DESCRIPTION (provided by applicant): Our understanding of mechanisms that contribute to the pathogenesis of motor neuron disease (MND) remains incomplete. While much effort has been focused on understanding why motor neurons die in MND, little attention has been paid to the possible role of the motor terminal in the pathogenesis of motor unit dysfunction. In a canine version of MND (Hereditary Canine Spinal Muscular Atrophy, HCSMA), we have demonstrated that loss of motor unit function occurs at the neuromuscular junction (NMJ) by mechanisms that compromise synaptic transmission but do not involve detectable degeneration of the motor terminal or axon, Thus, in HCSMA., loss of motor unit function precedes even degeneration in the periphery. We do not know whether these phenomena are specific for HCSMA. Thus, one goal of the present work will be to extend the type of analysis we have performed in HCSMA to another model of MND, the SOD1 transgenic mouse. Our first Aim will be to confirm preliminary data that extensive denervation of muscle precedes the onset of motor neuron cell death in the spinal cord of SOD1 transgenic mice.

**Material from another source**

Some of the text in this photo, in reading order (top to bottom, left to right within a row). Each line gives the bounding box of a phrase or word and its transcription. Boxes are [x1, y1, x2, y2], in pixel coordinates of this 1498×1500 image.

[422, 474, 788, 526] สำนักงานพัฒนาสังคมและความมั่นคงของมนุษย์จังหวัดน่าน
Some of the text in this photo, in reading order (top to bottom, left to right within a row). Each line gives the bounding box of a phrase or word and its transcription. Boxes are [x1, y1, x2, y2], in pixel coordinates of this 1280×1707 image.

In another aim, we will collect evidence to support the idea that a version of excitotoxicity underlies NMJ degeneration that is related to decreased calcium handling capacity. Preliminary data we have obtained indicate that NMJ degeneration in SOD1 mice is not simply a matter of presynaptic loss but may reflect an interactive process with muscle that may require muscle fiber activity and resembles in many ways the process of NMJ synapse elimination observed during normal postnatal development. We will test several hypotheses suggested by these observations. In another study, we will determine whether antagonists for calcium-activated proteases known to exist and operate in motor terminals (calpains) can inhibit NMJ degeneration in SOD1 mice. The results of this work will determine whether loss of motor unit function in the SOD1 transgenic mouse model of MND occurs as a result of motor terminal dysfunction.

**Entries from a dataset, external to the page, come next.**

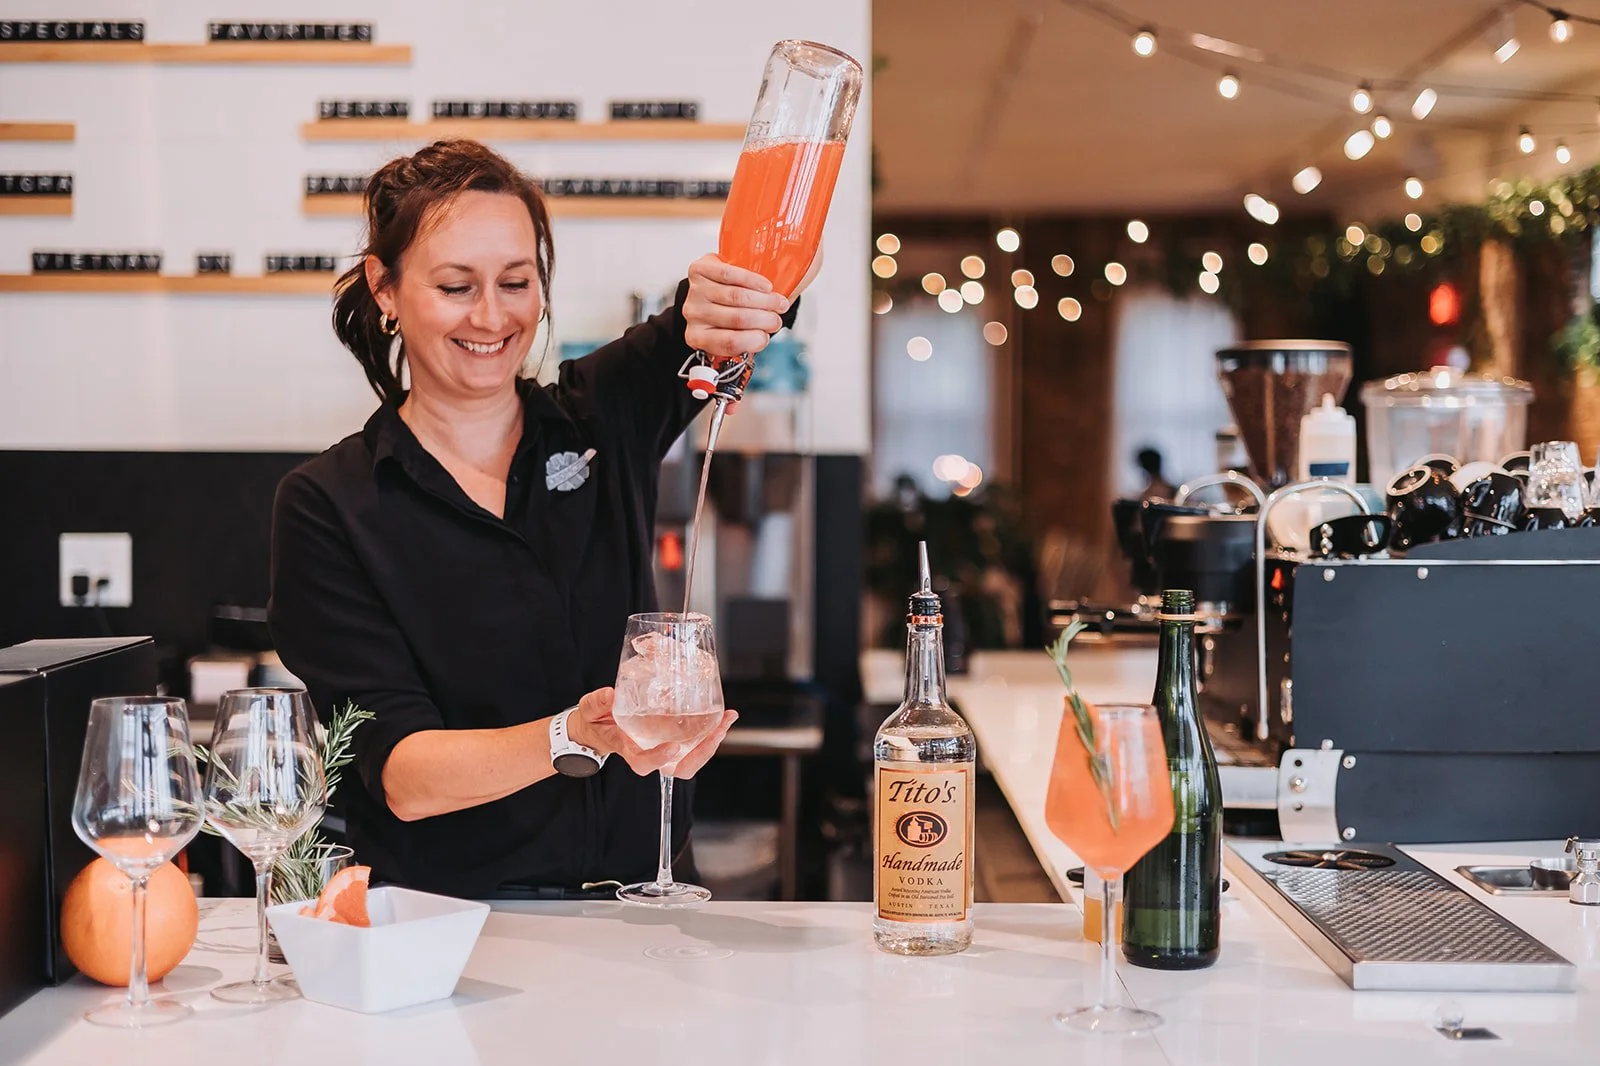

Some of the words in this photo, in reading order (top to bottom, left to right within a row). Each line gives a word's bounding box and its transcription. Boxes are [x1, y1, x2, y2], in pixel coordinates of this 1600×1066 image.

[0, 22, 143, 39] SPECIALS
[210, 23, 371, 41] FAVORITES
[33, 253, 161, 271] VIETNAM
[889, 778, 956, 804] Tito's
[882, 851, 963, 872] Handmade
[899, 876, 943, 886] VODKA

描述（由申请人提供）：我们对运动神经元疾病（MND）发病机制的理解仍然不完整。尽管人们付出了很多努力来理解为什么运动神经元在 MND 中死亡，但很少有人关注运动末梢在运动单位功能障碍的发病机制中可能发挥的作用。在犬类 MND（遗传性犬脊髓性肌萎缩症，HCSMA）中，我们证明了运动单位功能的丧失发生在神经肌肉接头（NMJ），其机制损害了突触传递，但不涉及可检测到的运动末梢或轴突的退化。因此，在 HCSMA 中，运动单位功能的丧失甚至先于外周的退化。我们不知道这些现象是否是 HCSMA 特有的。因此，目前工作的一个目标是将我们在 HCSMA 中进行的分析类型扩展到另一种 MND 模型，即 SOD1 转基因小鼠。我们的第一个目标是确认初步数据，即 SOD1 转基因小鼠脊髓中运动神经元细胞死亡之前发生广泛的肌肉去神经支配。在另一个目标中，我们将收集证据来支持这样一种观点，即兴奋性毒性是 NMJ 退化的基础，而 NMJ 退化与钙处理能力下降有关。我们获得的初步数据表明，SOD1 小鼠的 NMJ 退化不仅仅是突触前损失的问题，而且可能反映了与肌肉的相互作用过程，可能需要肌纤维活动，并且在许多方面类似于正常出生后发育过程中观察到的 NMJ 突触消除过程。我们将测试这些观察结果提出的几个假设。在另一项研究中，我们将确定已知存在并在运动末梢（钙蛋白酶）中起作用的钙激活蛋白酶的拮抗剂是否可以抑制 SOD1 小鼠的 NMJ 变性。这项工作的结果将确定 SOD1 转基因 MND 小鼠模型中运动单位功能的丧失是否是由于运动末梢功能障碍而发生的。